# Help needed in Dedoding using Huffman codes

• 04-10-2011, 09:42 AM
warlock
Help needed in Dedoding using Huffman codes
In my program to implement huffman algorithm.I have created the huffman codes and stored the ascii values and corresponding codes in a map.While creating the encoded file I followed this approach:I firstly converted the ascii codes in to their corresponding integer values and wrote them in a file.Now ,while decoding I read each byte from that file and converted it into its binary equivalent and searched for their ascii values in the map.This approach is creating the following problem.Since,01,001,1 all have integer equivalent as 1,so when I convert the codes into integer it no longer remains unique.I have ran out of ideas. And I faled to store the actual huffman tree.So I could not follow the decoding scheme where I can traverse the tree a file the codes Help!:(
• 04-10-2011, 11:18 AM
JosAH
You can't read ints, you have to read bits because a Huffman encoding encodes characters (or whatever) in sequences of bits. After reading a single bit you make a decision for going to a left or right subtree of the Huffman tree; if you have reached a leaf node you have decoded a chararcter.

kind regards,

Jos
• 04-10-2011, 03:02 PM
warlock
As I said I could not store the tree.All that I can use in my decoding scheme is the map where I have the characters and their corresponding frequency stored in it.Then what to do?And how will I read bits.?Suppose the encoded file is 10101,where 101 is code for a and 01 is code for b.Now,I can read a character at a time but not bits.And I changed the codes into their integer equivalent so that the encoded file does not get bigger than the actual file.
• 04-10-2011, 03:18 PM
JosAH
Quote:

Originally Posted by warlock
As I said I could not store the tree.All that I can use in my decoding scheme is the map where I have the characters and their corresponding frequency stored in it.Then what to do?

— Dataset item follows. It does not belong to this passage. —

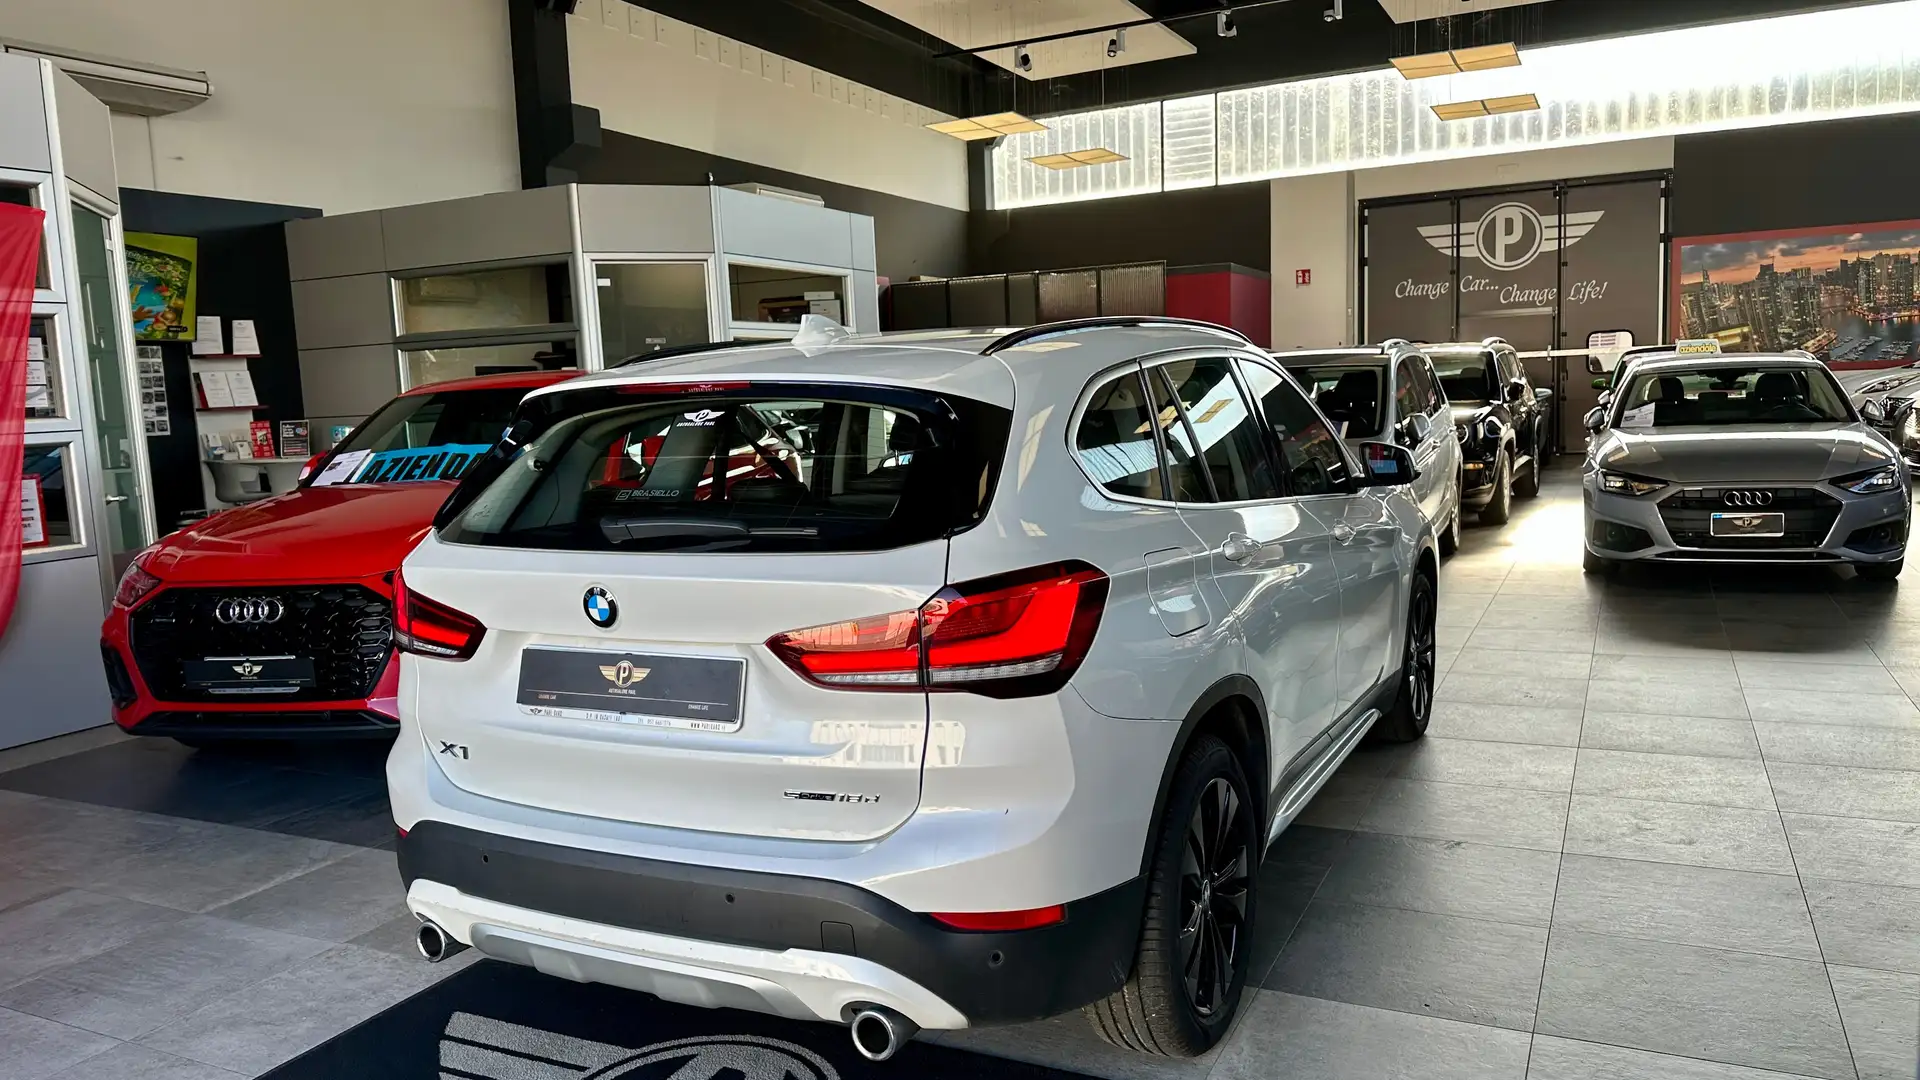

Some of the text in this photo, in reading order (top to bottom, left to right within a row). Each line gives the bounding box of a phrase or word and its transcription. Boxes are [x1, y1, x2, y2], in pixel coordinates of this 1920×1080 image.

[1395, 275, 1609, 306] Change Car... Change Life!
[631, 489, 680, 497] BRASIELLO
[440, 740, 469, 760] X1

Then your Huffman algorithm is of no value; in general a Huffman (de)compression scheme is a so called 'off line' algorithm: first you determine the tree given the text, next you save the tree and the compressed text and the decompressor reads the tree and the compressed text and decompresses it.

kind regards,

Jos
• 04-10-2011, 03:26 PM
warlock
Ok.I feel lost now.looks like I have to redo it completely.How will I store the tree?What I did was stored the leaf nodes in a TreeSet<Node>.Then I combined the nodes to get the first non-leaf node and while doing that give its left and right child 0 and 1 .and so on.Any ideas what i should do next?
• 04-10-2011, 03:34 PM
JosAH
Quote:

Originally Posted by warlock
Ok.I feel lost now.looks like I have to redo it completely.How will I store the tree?What I did was stored the leaf nodes in a TreeSet<Node>.Then I combined the nodes to get the first non-leaf node and while doing that give its left and right child 0 and 1 .and so on.Any ideas what i should do next?

You can still store the letter combinations together with their encoding bit sequences but you have to know the length (measured in bits) of each bit sequence. Thanks to a property of Huffman encoding (prefix free encoding) you can do that; you have to rebuild your tree from those bit sequences before you can decode the text in an efficient way.

kind regards,

Jos
• 04-10-2011, 03:43 PM
warlock
Thanks again.But how will I build this tree.And by bits do you mean characters ?Because my codes are String.So,I can read each character from it but how bits?
• 04-10-2011, 04:00 PM
JosAH
Quote:

Originally Posted by warlock
Thanks again.But how will I build this tree.And by bits do you mean characters ?Because my codes are String.So,I can read each character from it but how bits?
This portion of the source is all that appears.